This post originally appeared at the Fort Worth Weekly's website. To view it there : http://www.fwweekly.com/2016/07/26/sports-rush-keeping-the-olympics-from-flaming-out/
This year, the buzz about Olympic athletes has revolved in large part around those not going to Brazil. Some fear the Zika virus. Others will likely find themselves excluded as part of a blanket ban of Russian athletes in certain sports.
Such controversies are not unusual.
The Olympics has always had problems assembling all of the world’s best athletes every four years :
* Combat : World War I cancelled the 1916 event in its entirety. World War II stopped another four competitions.
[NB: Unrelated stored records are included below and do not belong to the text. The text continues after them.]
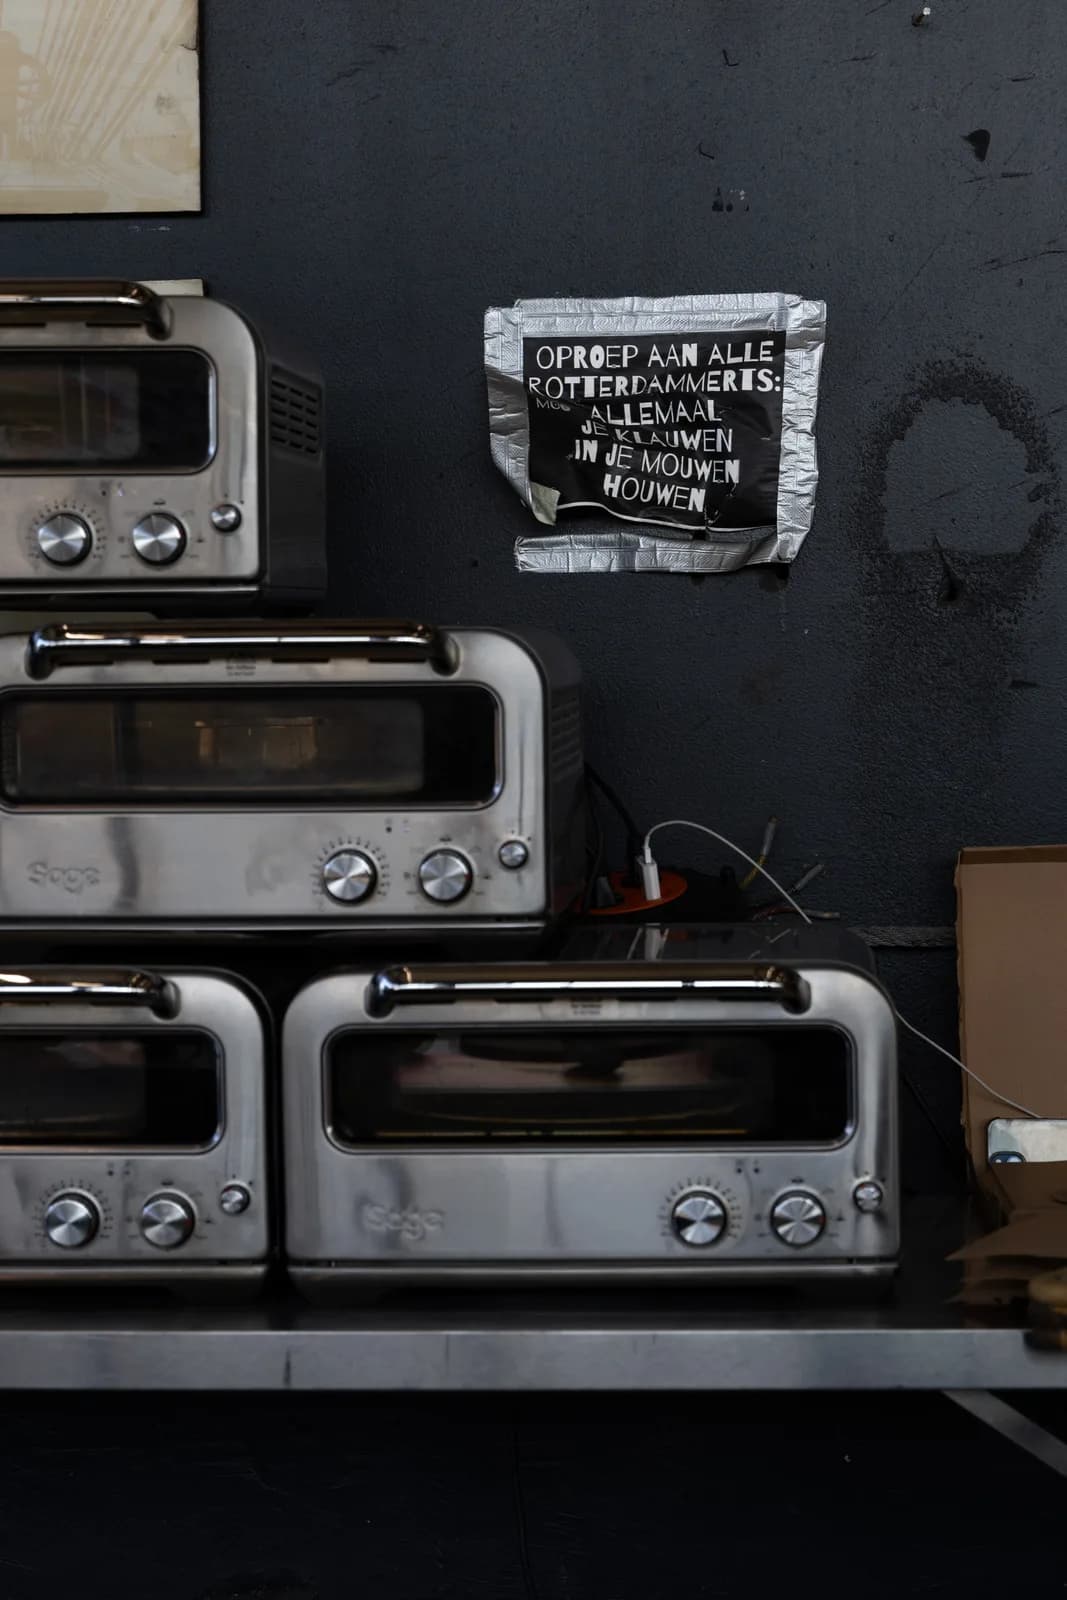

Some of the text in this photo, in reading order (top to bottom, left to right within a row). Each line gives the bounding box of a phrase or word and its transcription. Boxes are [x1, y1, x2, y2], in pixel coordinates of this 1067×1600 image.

[536, 340, 775, 369] OPROEP AAN ALLE
[528, 368, 781, 400] ROTTERDAMMERTS:
[591, 400, 722, 426] ALLEMAAL
[581, 420, 733, 452] JE KLAUWEN
[574, 439, 740, 483] IN JE MOUWEN
[603, 473, 706, 512] HOUWEN
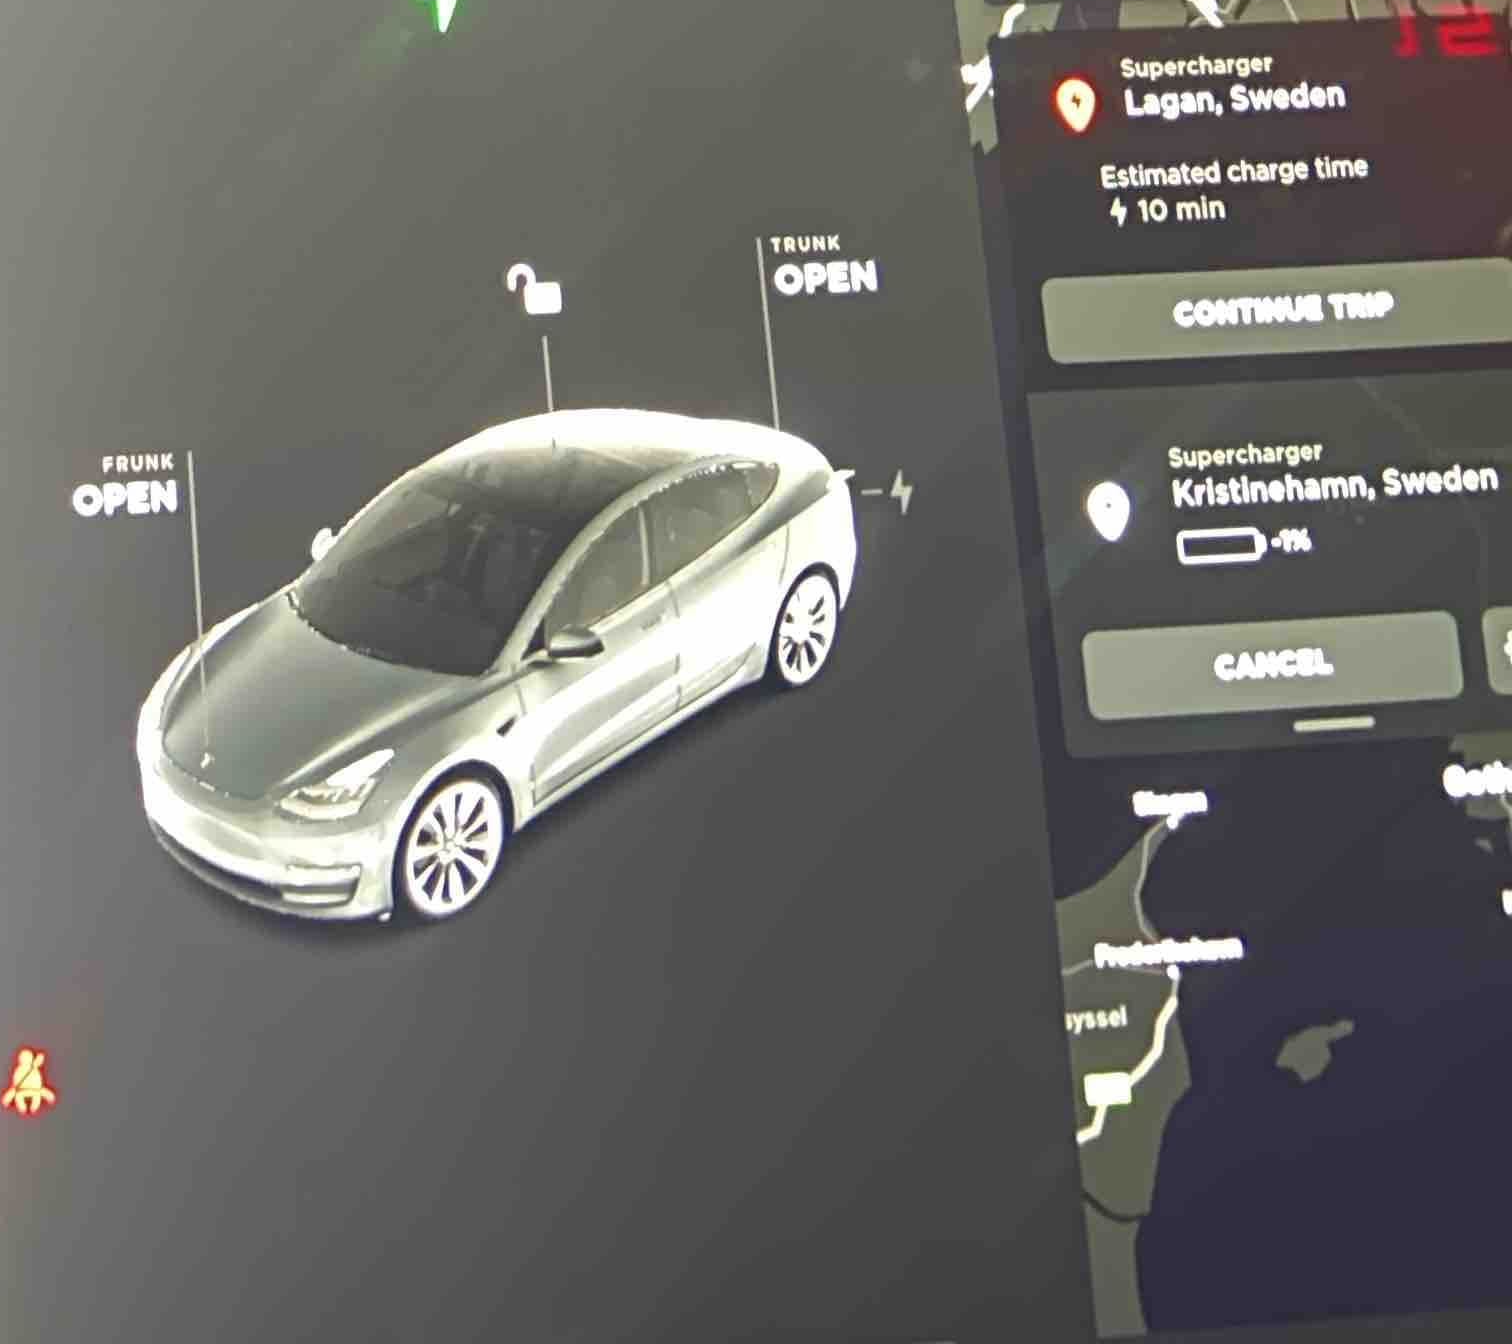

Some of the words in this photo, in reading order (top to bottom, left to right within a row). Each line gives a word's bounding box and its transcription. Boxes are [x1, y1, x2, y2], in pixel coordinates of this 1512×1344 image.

[1120, 55, 1273, 82] Supercharger
[1124, 88, 1224, 121] Lagan,
[1229, 81, 1346, 112] Sweden
[1100, 159, 1222, 190] Estimated
[1226, 159, 1310, 186] charge
[1313, 155, 1369, 180] time
[1137, 198, 1169, 223] 10
[1175, 195, 1226, 221] min
[770, 234, 841, 254] TRUNK
[773, 260, 878, 296] OPEN
[1173, 294, 1325, 328] CONTINUE
[101, 452, 175, 474] FRUNK
[1167, 442, 1324, 471] Supercharger
[72, 479, 178, 517] OPEN
[1171, 473, 1377, 508] Kristinehamn,
[1382, 463, 1499, 497] Sweden
[1213, 647, 1335, 681] CANCEL
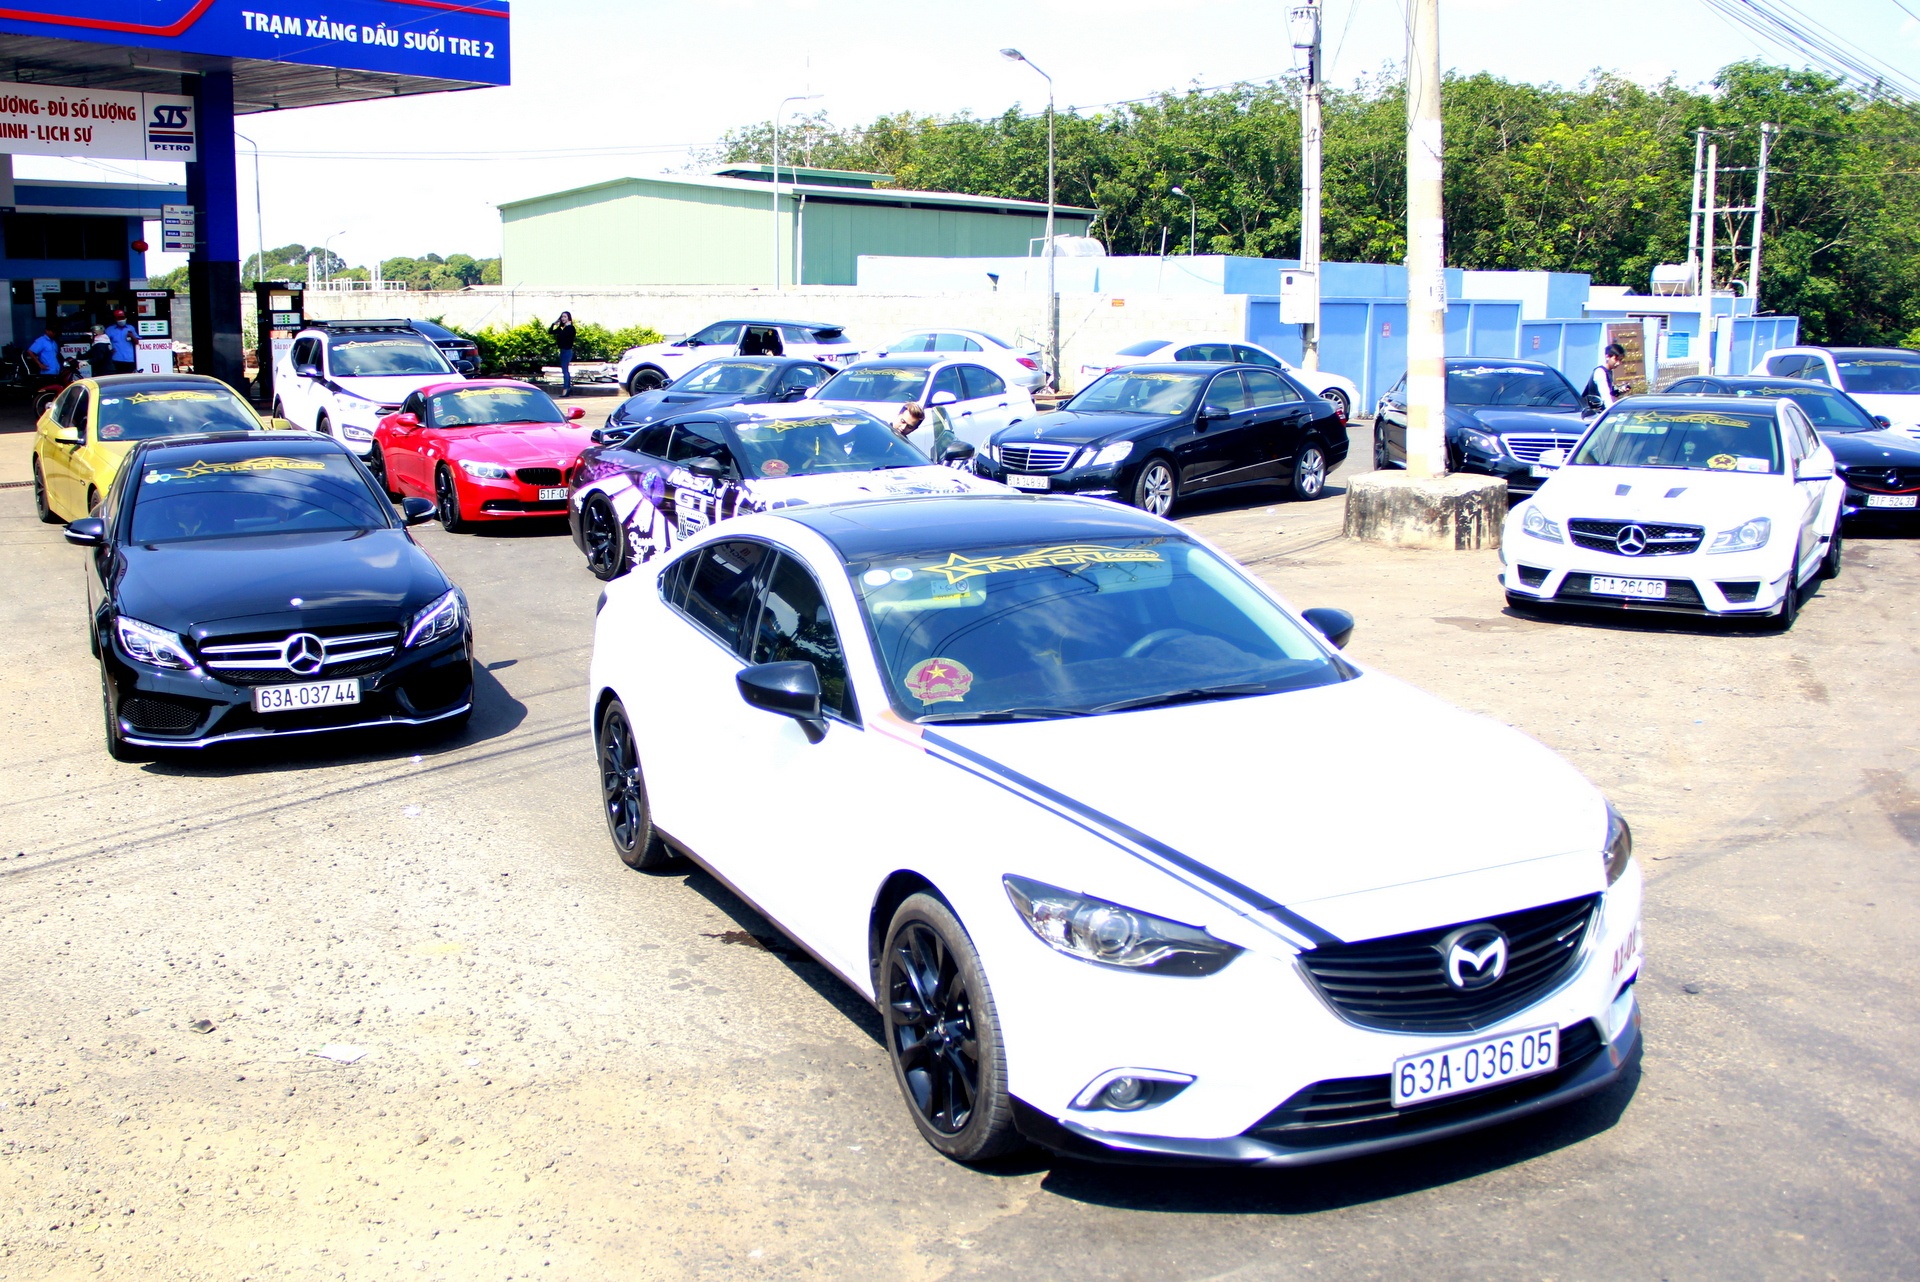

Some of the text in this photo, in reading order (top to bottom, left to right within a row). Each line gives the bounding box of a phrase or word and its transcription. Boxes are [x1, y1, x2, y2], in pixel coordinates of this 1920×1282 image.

* Boycotts : From Ireland in 1908 through the Communist countries in
1984 and 1988, numerous Games have been marred by governments preventing
their resident athletes from participating.
* Apartheid : From 1964 to 1992, the International Olympic Committee
barred South African athletes as a response to the country’s racial
classification system.
* Women : Female athletes could not compete until 1920.
* Shamateurism
: Authorities’ aversion to patrons compensating the sportsmen and women
who entertained them kept us from seeing the likes of Pelé, Bobby Orr,
or Wilt Chamberlain with medals around their necks, and Jim Thorpe from
keeping his golds.
Pierre de Coubertin, the man who spearheaded the revival of the
Olympic Games in the late 19th century, believed “The Olympic Games are
for the world and all nations must be admitted to them.” It has not
always been the case, and much of it has to do with the event’s
nation-state system of organization.
We won’t see Paris Saint-Germain boycott Champions League fixtures in
England next year because Brexit bothered its management. The NBA just moved
its All-Star Game due to actions by North Carolina’s government, but we
can feel assured the Charlotte Hornets will play a full home schedule
next year with no withdrawals by visiting teams. Other than maybe a
geographically contained disaster, like this Zika outbreak, we can’t
imagine a scenario in which a club team would choose not to play in
championship contests for which it had qualified. Even in the rare case
of bankruptcy, a league would step in to make sure an elite team played.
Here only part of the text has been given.